Entries taken from a collection:
········

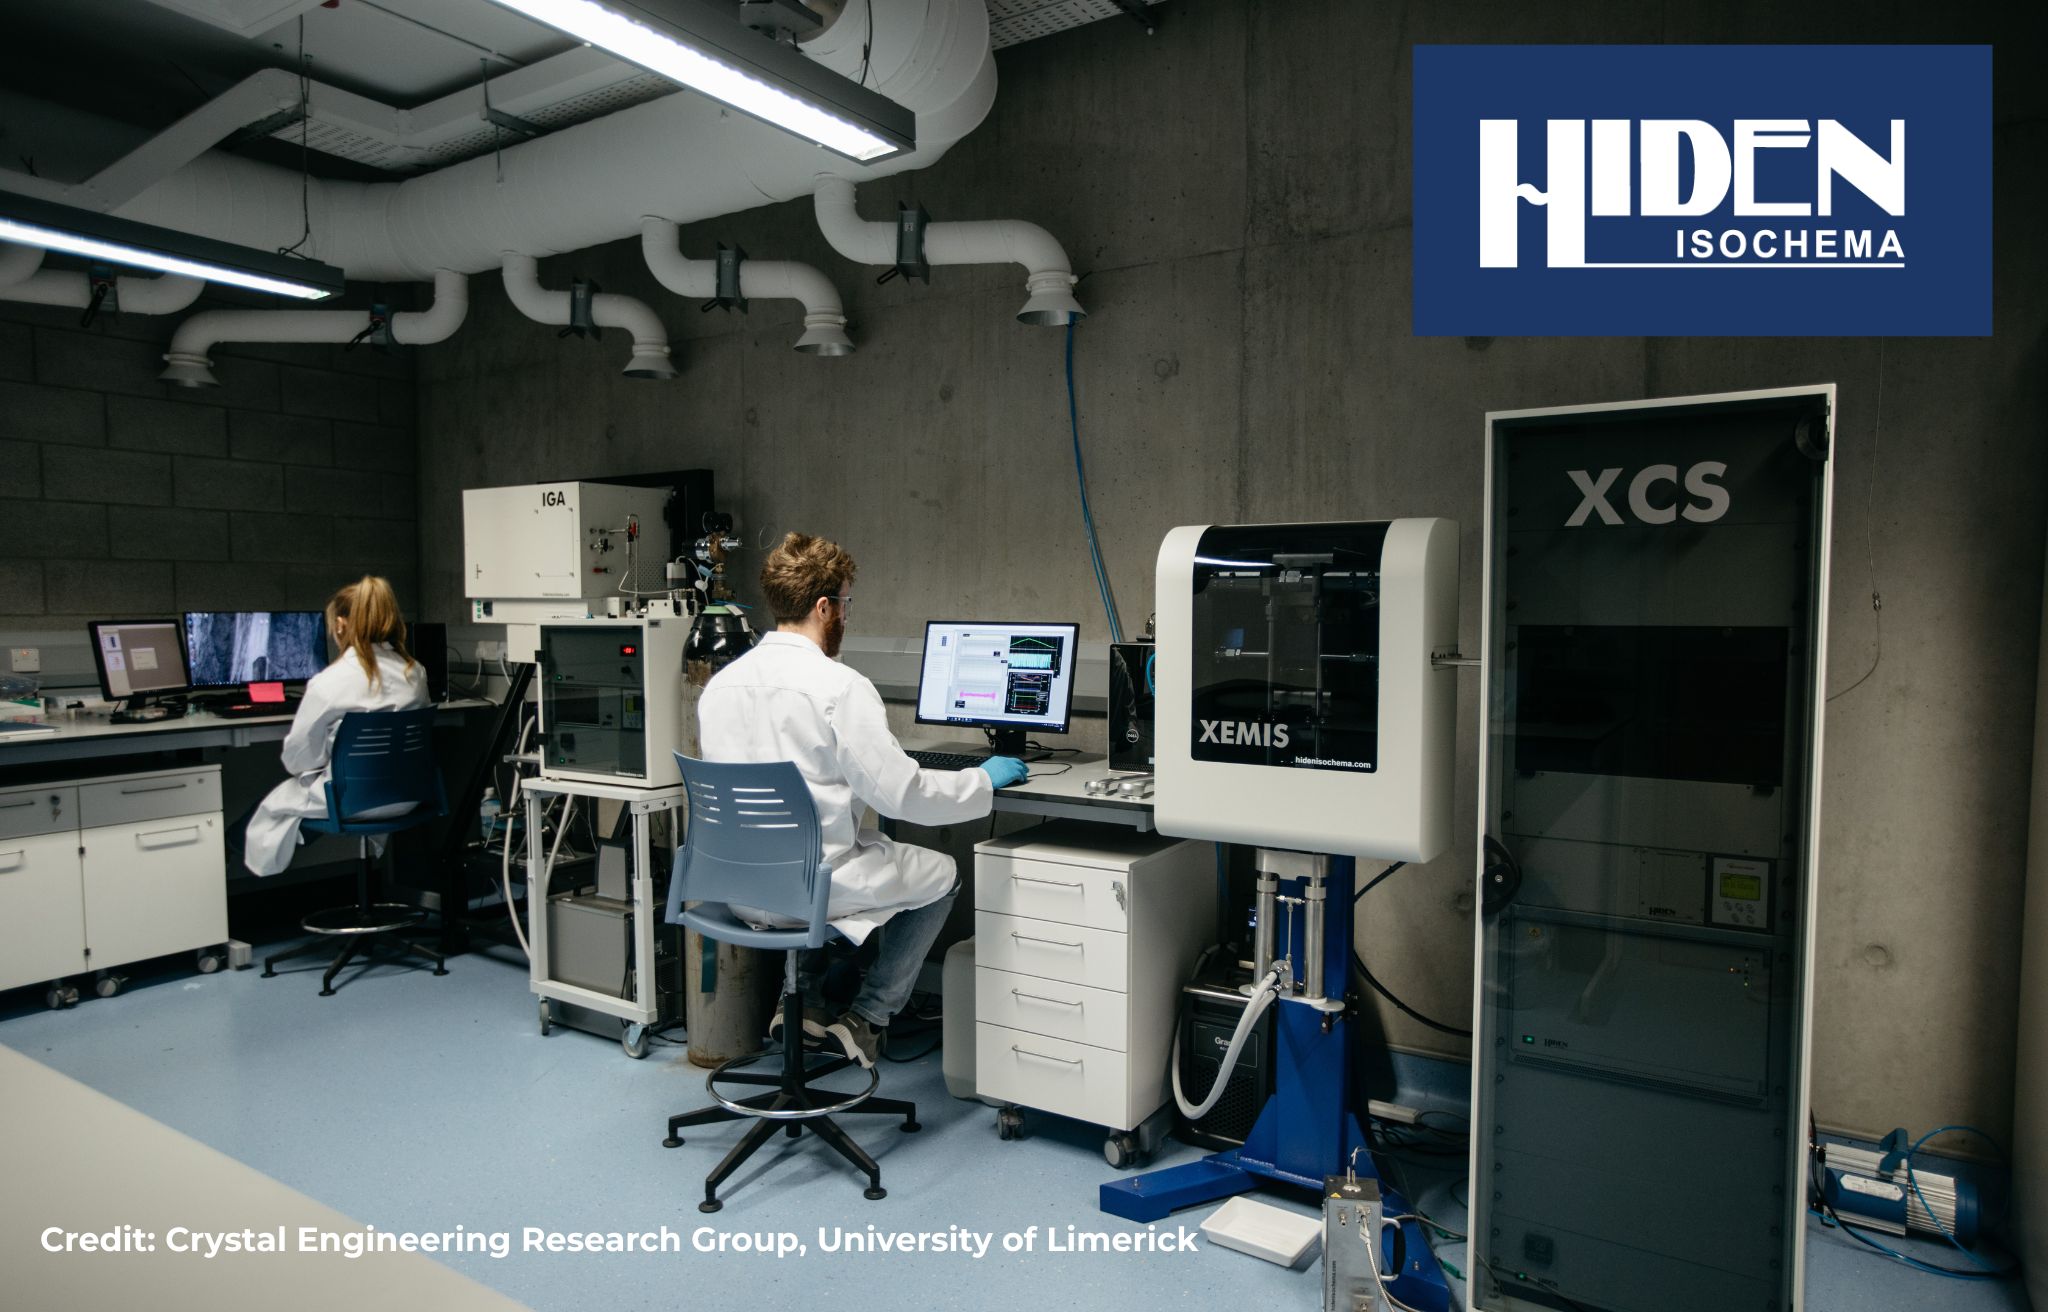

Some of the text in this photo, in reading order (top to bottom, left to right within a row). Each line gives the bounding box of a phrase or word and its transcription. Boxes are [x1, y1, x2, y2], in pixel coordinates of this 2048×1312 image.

[542, 491, 566, 507] IGA
[1564, 461, 1730, 527] XCS
[1198, 719, 1290, 749] XEMIS
[1295, 756, 1371, 769] hidenisochema.com
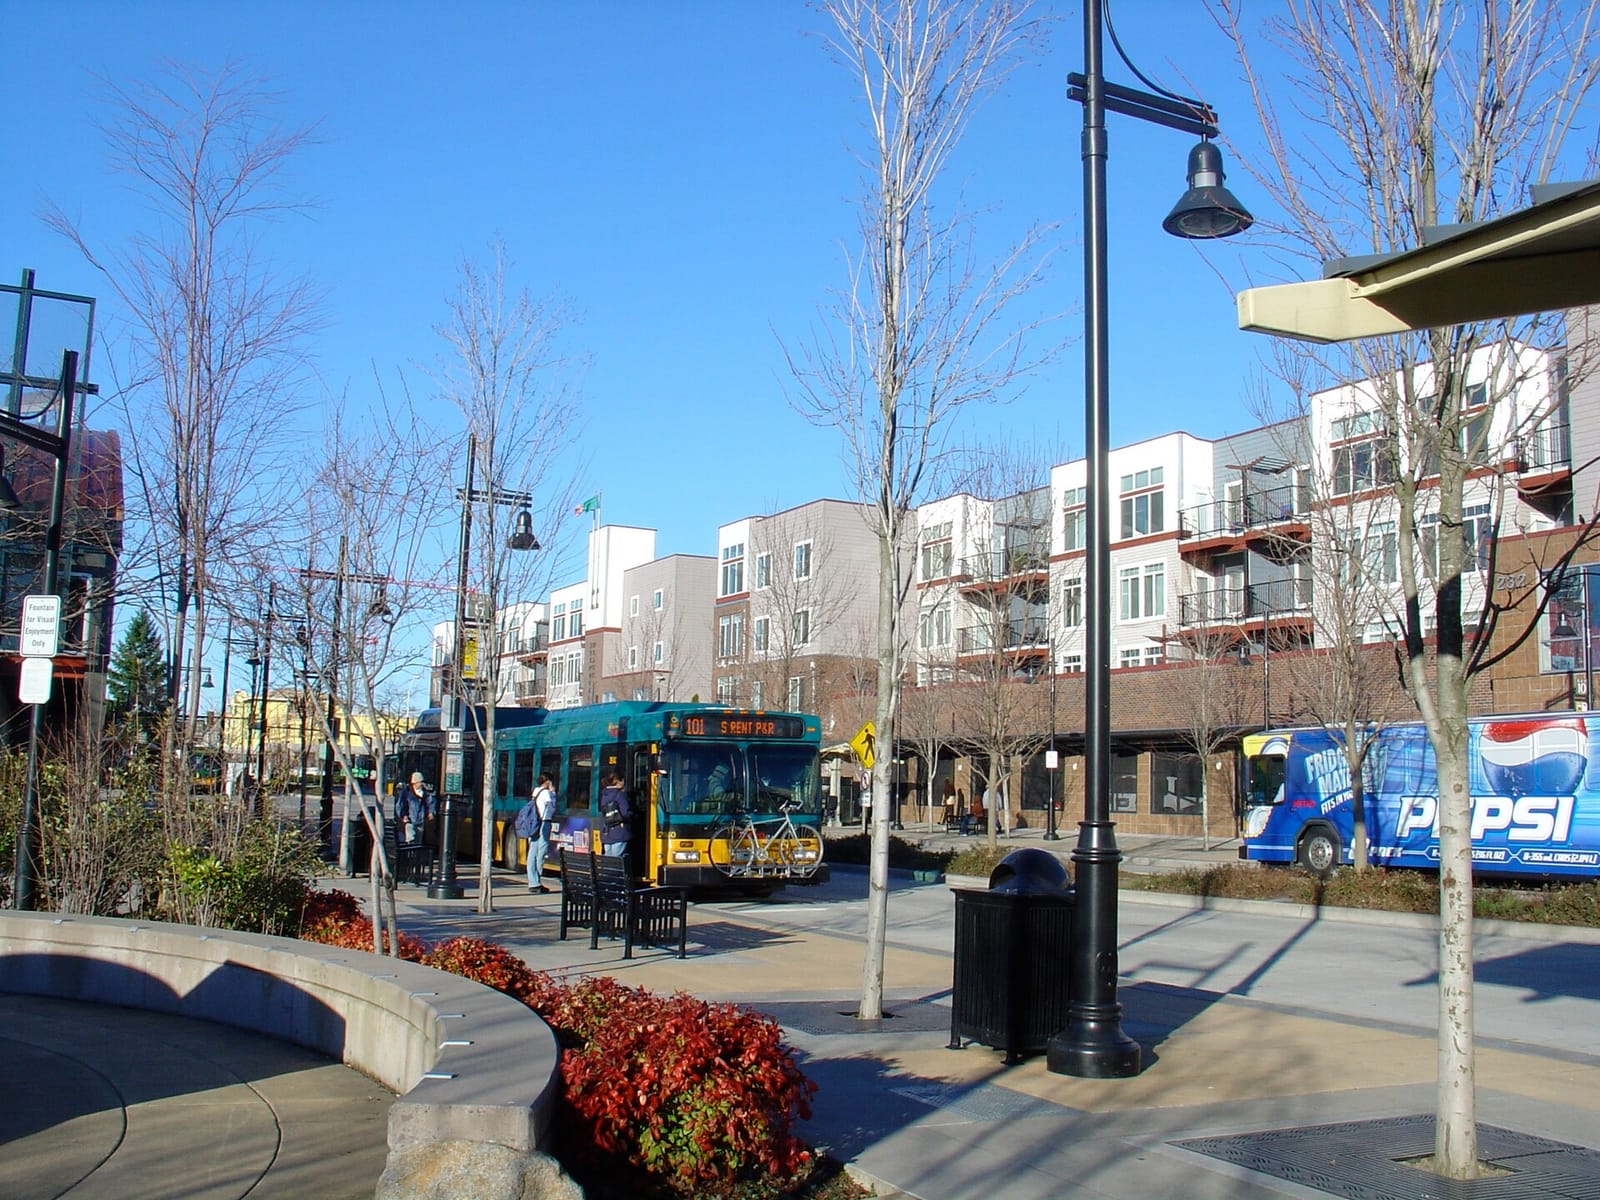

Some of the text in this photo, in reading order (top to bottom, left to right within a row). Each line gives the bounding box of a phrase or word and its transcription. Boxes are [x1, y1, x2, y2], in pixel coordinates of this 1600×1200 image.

[1496, 573, 1526, 591] 232
[25, 627, 55, 636] Enjoyment
[32, 640, 45, 648] Only
[686, 718, 775, 736] 101 S RENT P&R
[1321, 797, 1336, 815] FITS
[1396, 796, 1573, 842] PPSI

········

What you return must match the entries above exactly, apart from the pictures, which are left out.

→ Answer
Some of the text in this photo, in reading order (top to bottom, left to right within a row). Each line gives the bounding box of a phrase or word and its transcription. Boxes are [x1, y1, x2, y2], in pixel coordinates of this 2048×1312 image.

[542, 491, 566, 507] IGA
[1564, 461, 1730, 527] XCS
[1198, 719, 1290, 749] XEMIS
[1295, 756, 1371, 769] hidenisochema.com

Some of the text in this photo, in reading order (top to bottom, left to right within a row). Each line gives the bounding box of a phrase or word and its transcription. Boxes are [x1, y1, x2, y2], in pixel coordinates of this 1600×1200 image.

[1496, 573, 1526, 591] 232
[25, 627, 55, 636] Enjoyment
[32, 640, 45, 648] Only
[686, 718, 775, 736] 101 S RENT P&R
[1321, 797, 1336, 815] FITS
[1396, 796, 1573, 842] PPSI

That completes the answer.